What you should do:
Each line in the data must be reproduced as written, except for any picture.

[Stored data entries]
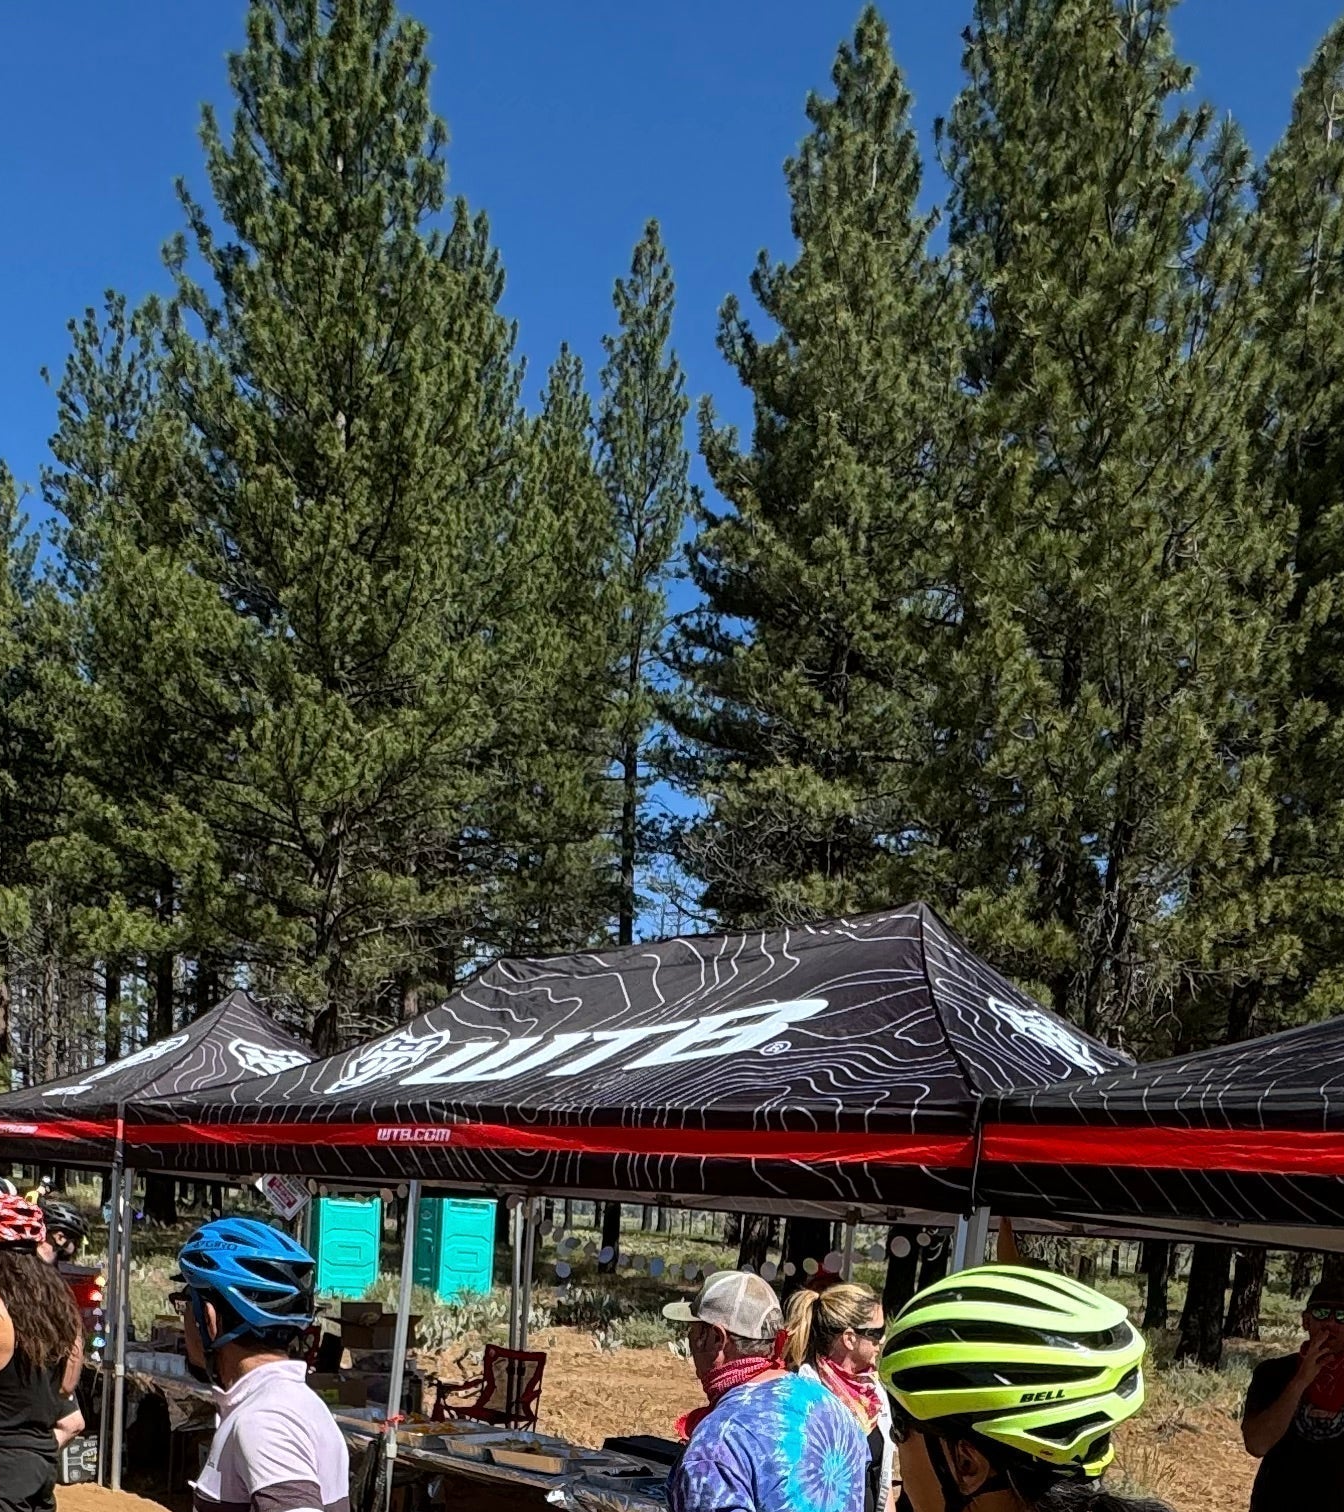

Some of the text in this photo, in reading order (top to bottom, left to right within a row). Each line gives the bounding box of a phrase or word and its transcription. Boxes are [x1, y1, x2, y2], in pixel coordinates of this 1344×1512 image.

[399, 999, 829, 1085] WTB
[377, 1128, 452, 1141] WTB.COM
[1019, 1389, 1066, 1403] BELL
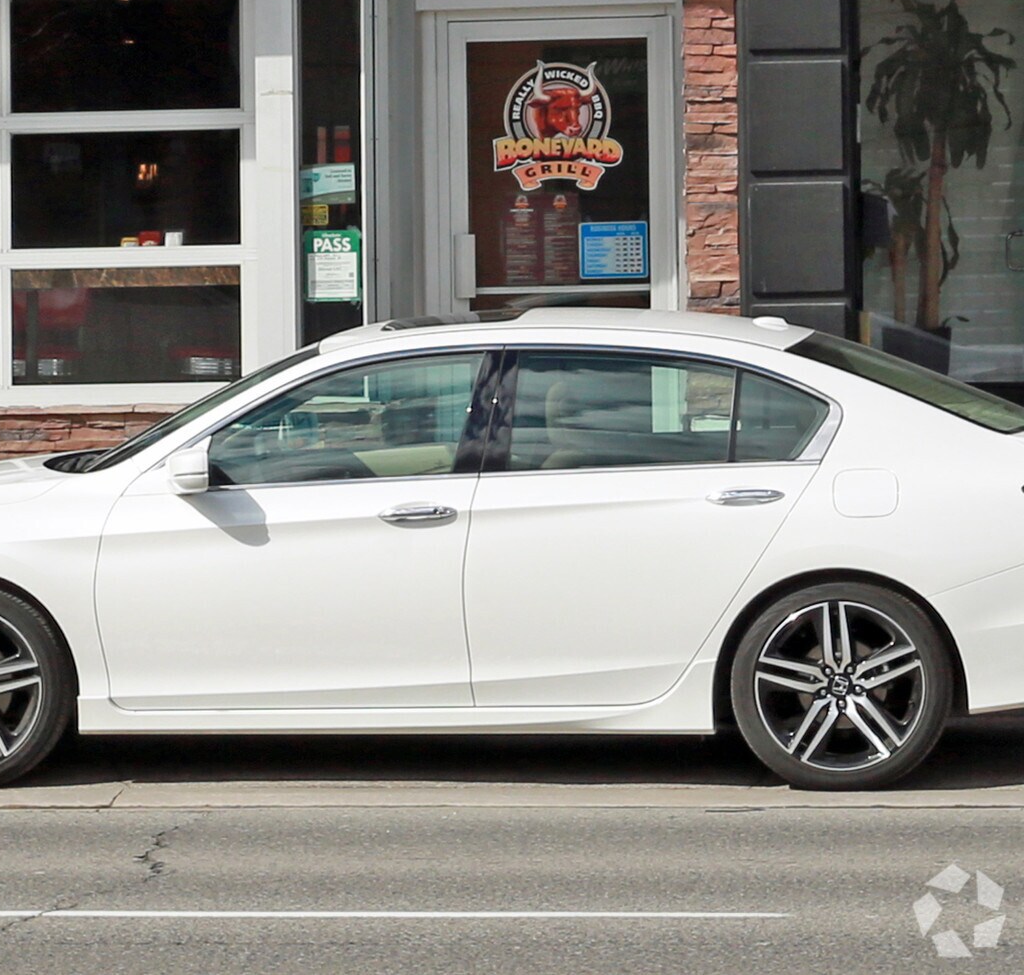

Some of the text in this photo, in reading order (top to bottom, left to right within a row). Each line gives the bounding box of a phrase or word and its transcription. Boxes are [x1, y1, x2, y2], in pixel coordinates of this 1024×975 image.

[511, 69, 604, 120] REALLY WICKED BBQ
[496, 138, 621, 168] BONEYARD
[524, 163, 592, 179] GRILL
[312, 237, 352, 253] PASS
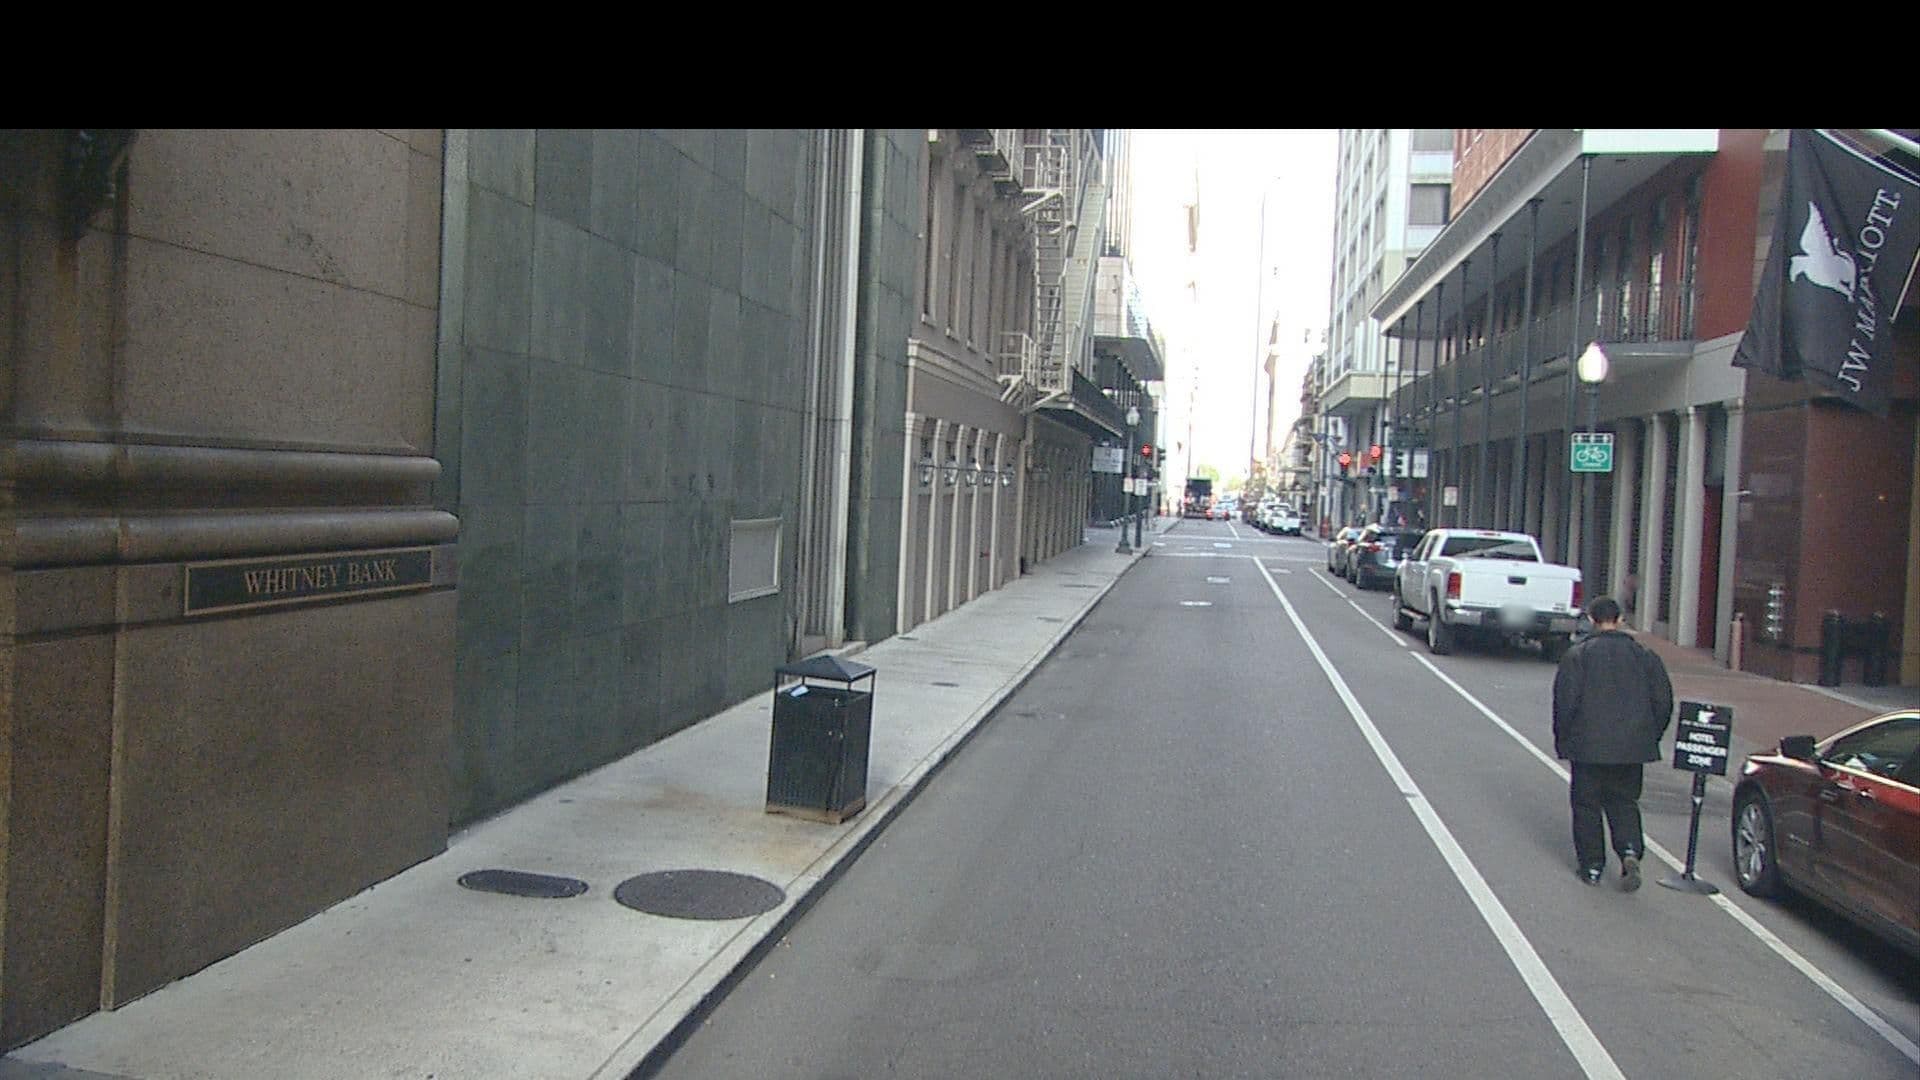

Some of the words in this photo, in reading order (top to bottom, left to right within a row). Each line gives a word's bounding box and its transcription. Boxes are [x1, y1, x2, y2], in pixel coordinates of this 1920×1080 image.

[1838, 339, 1873, 392] JW
[244, 565, 337, 594] WHITNEY
[350, 560, 396, 585] BANK
[1689, 732, 1715, 744] HOTEL
[1676, 741, 1727, 757] PASSENGER
[1687, 754, 1712, 767] ZONE
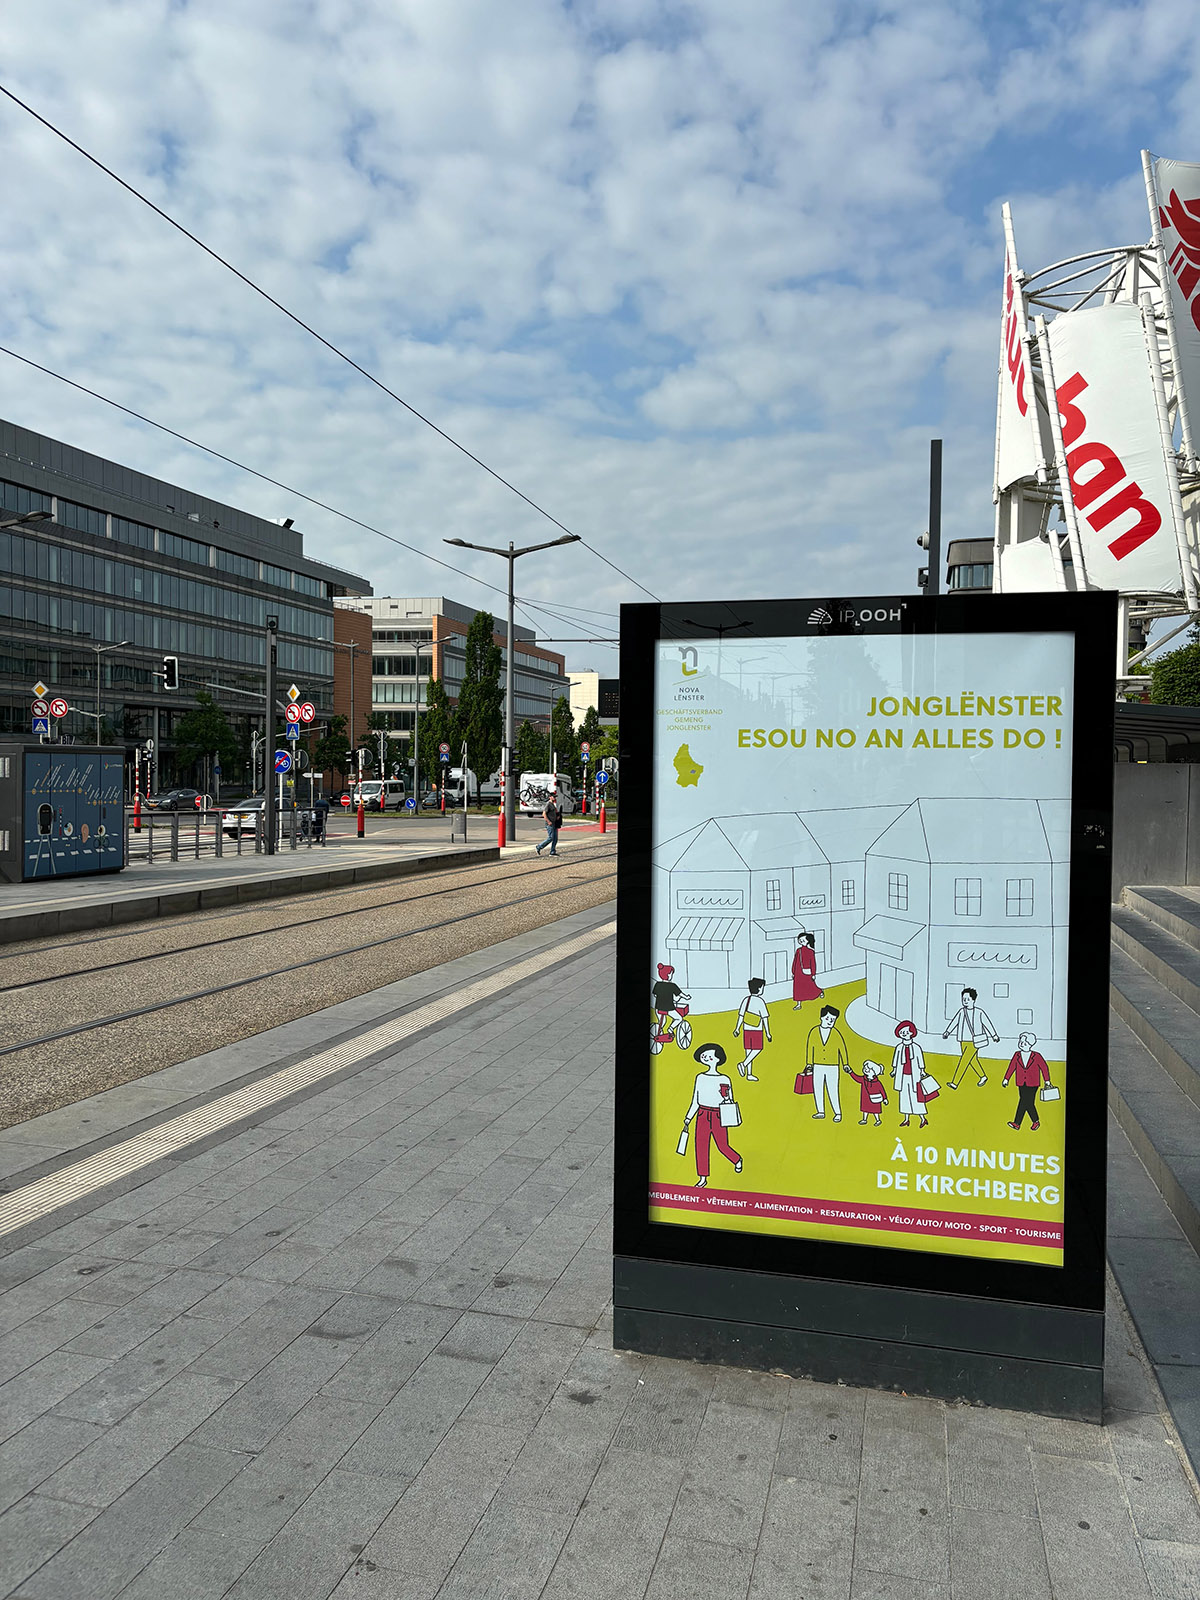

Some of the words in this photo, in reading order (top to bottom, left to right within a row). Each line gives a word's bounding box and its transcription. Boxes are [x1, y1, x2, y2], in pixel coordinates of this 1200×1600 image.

Response to the task:
Some of the text in this photo, in reading order (top to bottom, left to right within a row). Each line gives the bounding box of a phrase or word and its transcription. Boxes are [x1, y1, x2, y2], in pixel coordinates of this 1344×1512 image.

[399, 999, 829, 1085] WTB
[377, 1128, 452, 1141] WTB.COM
[1019, 1389, 1066, 1403] BELL

Some of the text in this photo, in reading order (top to bottom, left to right within a row). Each line gives the bounding box of a phrase or word and its transcription. Boxes are [x1, y1, x2, y2], in pixel coordinates of this 1024×975 image.

[511, 69, 604, 120] REALLY WICKED BBQ
[496, 138, 621, 168] BONEYARD
[524, 163, 592, 179] GRILL
[312, 237, 352, 253] PASS

Some of the words in this photo, in reading order (top to bottom, left to right within a row). Each line gives a word's bounding box and its transcription. Boxes are [x1, y1, x2, y2], in pixel coordinates of this 1920×1080 image.

[1838, 339, 1873, 392] JW
[244, 565, 337, 594] WHITNEY
[350, 560, 396, 585] BANK
[1689, 732, 1715, 744] HOTEL
[1676, 741, 1727, 757] PASSENGER
[1687, 754, 1712, 767] ZONE

Some of the words in this photo, in reading order (top to bottom, left to right within a row). Each line gives a word's bounding box and its transcription. Boxes are [x1, y1, x2, y2], in pixel coordinates of this 1200×1600 image.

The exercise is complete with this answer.